'''
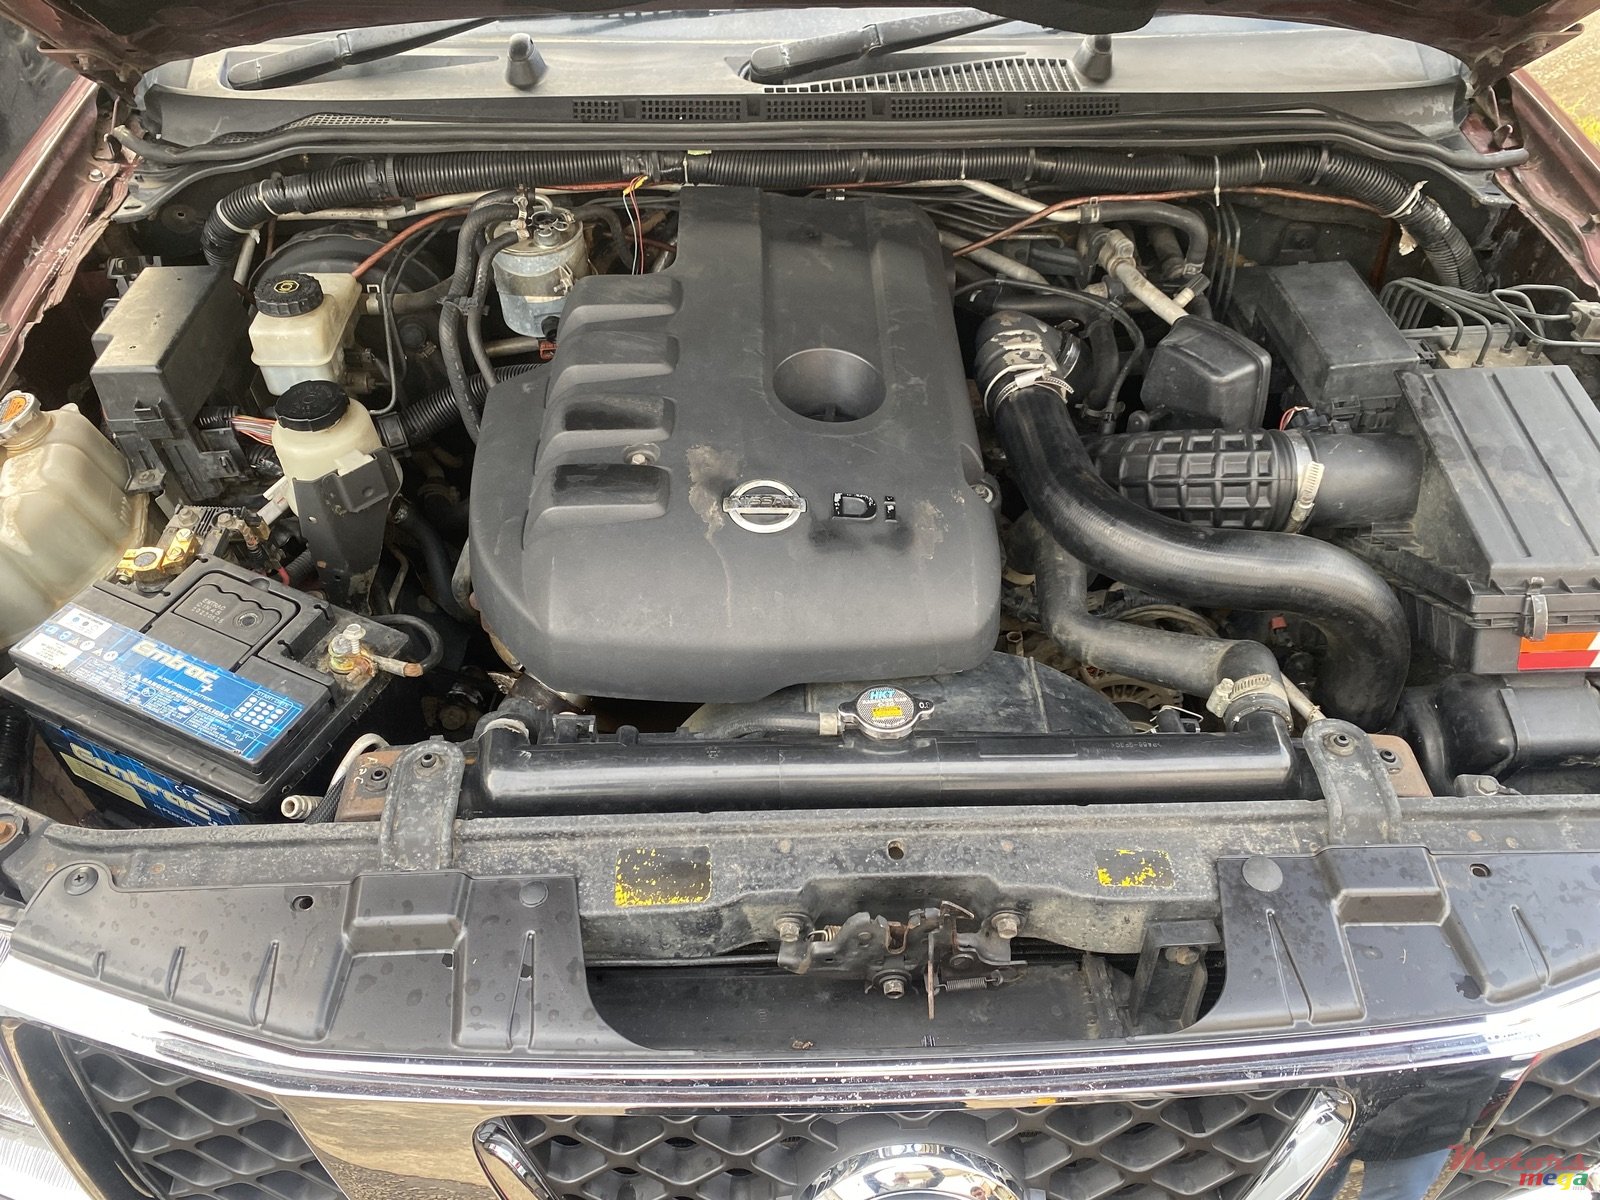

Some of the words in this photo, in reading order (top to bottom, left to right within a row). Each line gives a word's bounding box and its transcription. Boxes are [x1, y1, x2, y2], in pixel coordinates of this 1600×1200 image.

[730, 495, 797, 508] NISSAN
[832, 492, 898, 523] Di
[131, 640, 220, 685] Emtrac
[868, 690, 896, 700] HKT
[69, 742, 212, 822] Emtrac
'''
Problem description: What is needed is an exact output of the records above, with every picture left out.

The completed task:
Some of the words in this photo, in reading order (top to bottom, left to right within a row). Each line gives a word's bounding box and its transcription. Boxes are [x1, y1, x2, y2], in pixel coordinates of this 1600×1200 image.

[730, 495, 797, 508] NISSAN
[832, 492, 898, 523] Di
[131, 640, 220, 685] Emtrac
[868, 690, 896, 700] HKT
[69, 742, 212, 822] Emtrac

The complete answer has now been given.